Trent,

About Z

Some good observations about Z here. There is long time I have decided to ignore his comments and respond to his useless sarcasms. Too bad he lacks some respect and basic manners because some of his engineering perspectives could be useful.....although to my knowledge these perspectives have never been confirmed by success on race car he built or teams he worked with. That is true that to successfully work in a racing team you need some positive attitude and some communication skills.....

To all,

About front and rear ARB

Ask your driver about the car balance; let's say he tells you he has is O/S. You need to increase your TLLTD by either stiffening your FARB or softening your RARB. Which solution will you choose? To make that decision, ask your driver a second question: is your car too nervous or too lazy? If it is too lazy you need to stiffen your FARB, if it is too nervous you need to soften your RARB. Now what do you do if the car oversteers and is too nervous and you do not have any RARB? You will need to soften your rear spring and that will destroy you ride and pitch targeted frequency.

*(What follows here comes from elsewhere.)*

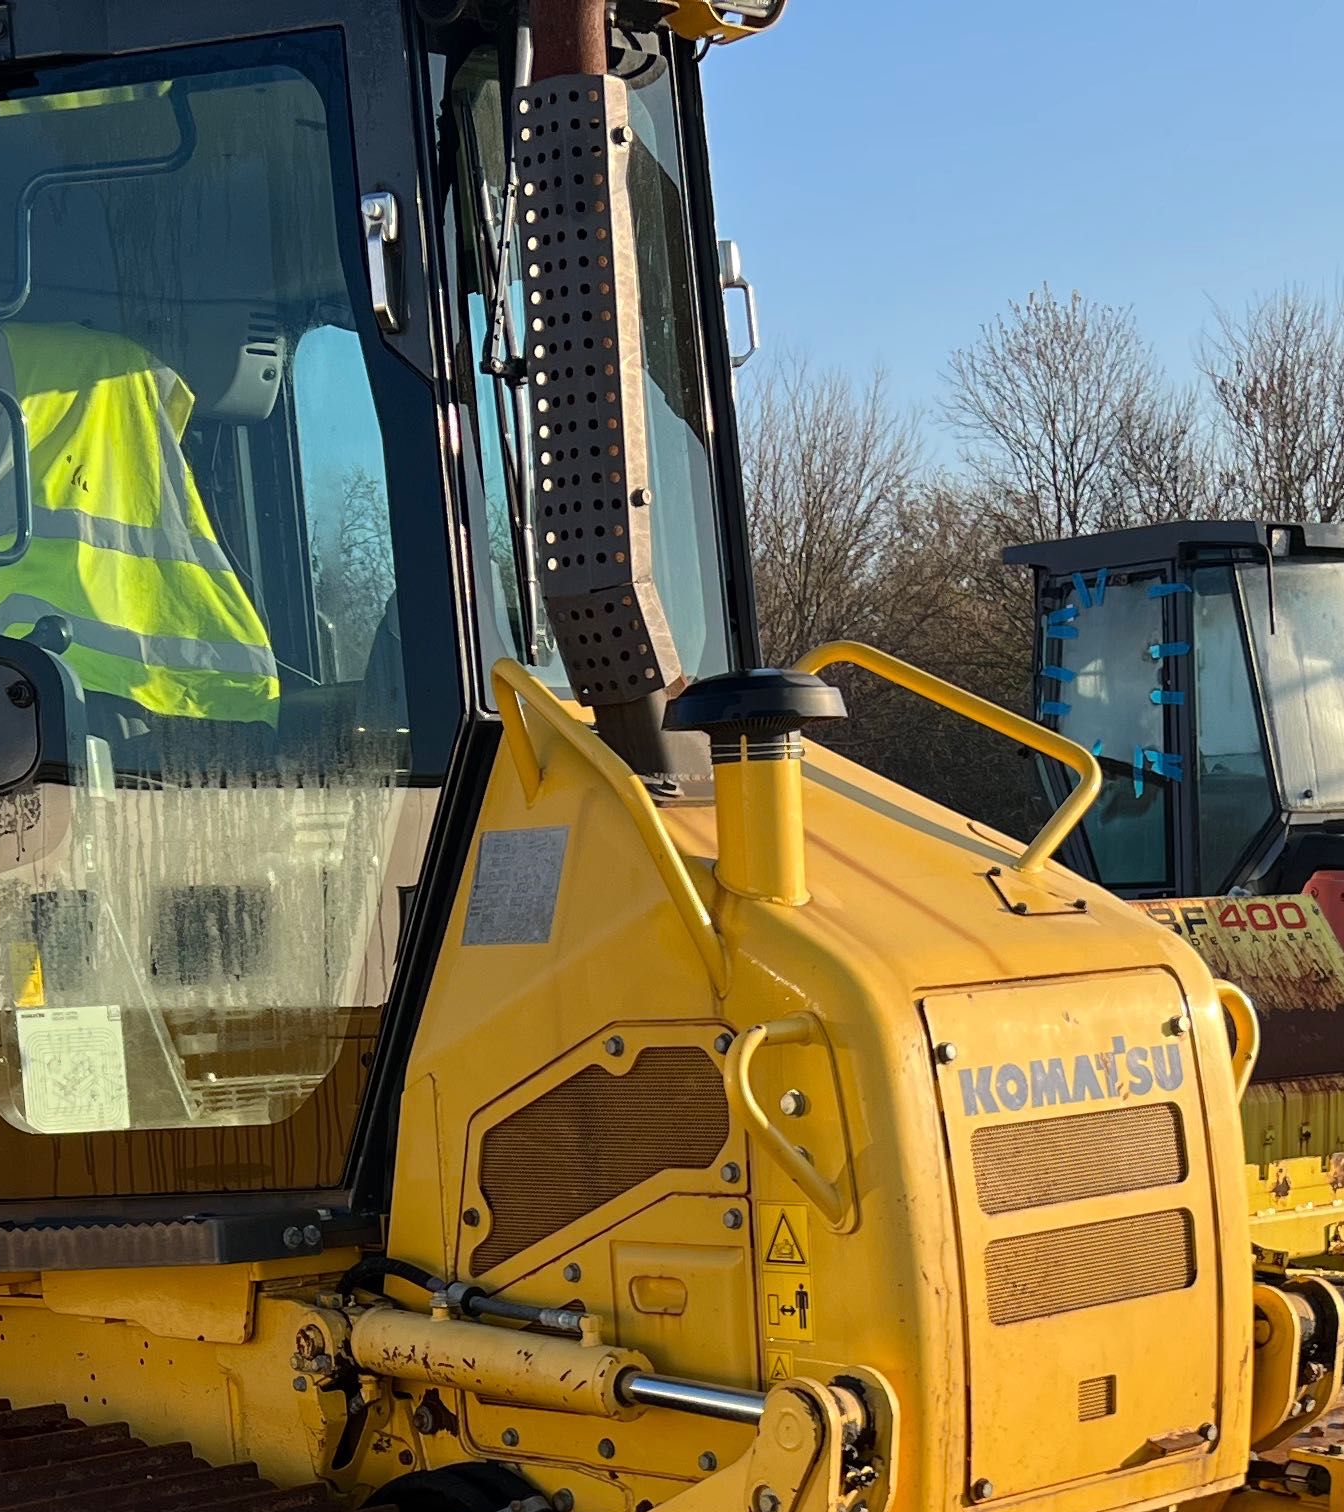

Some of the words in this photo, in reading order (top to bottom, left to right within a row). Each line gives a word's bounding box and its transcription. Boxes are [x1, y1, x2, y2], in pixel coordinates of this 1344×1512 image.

That is a reason why most race and passengers cars have frotn and rear ARBs

About high speed damping and blow off

Lest' be serious and practical: what do you call damper low speed and high speed? At what damper speed do your damper reach the blow off speed and where on the circuit? If you do a damper histogram you will see that on a FSAE you probably spend 80 % of the time between - 50 mm/s and + 50 mm/s. That is usually what damper guys call low speed. There are a few little bumps at FSAE tracks but these are not Sebring bumps, chicane curbs at Long Beach or WRC special stage junps....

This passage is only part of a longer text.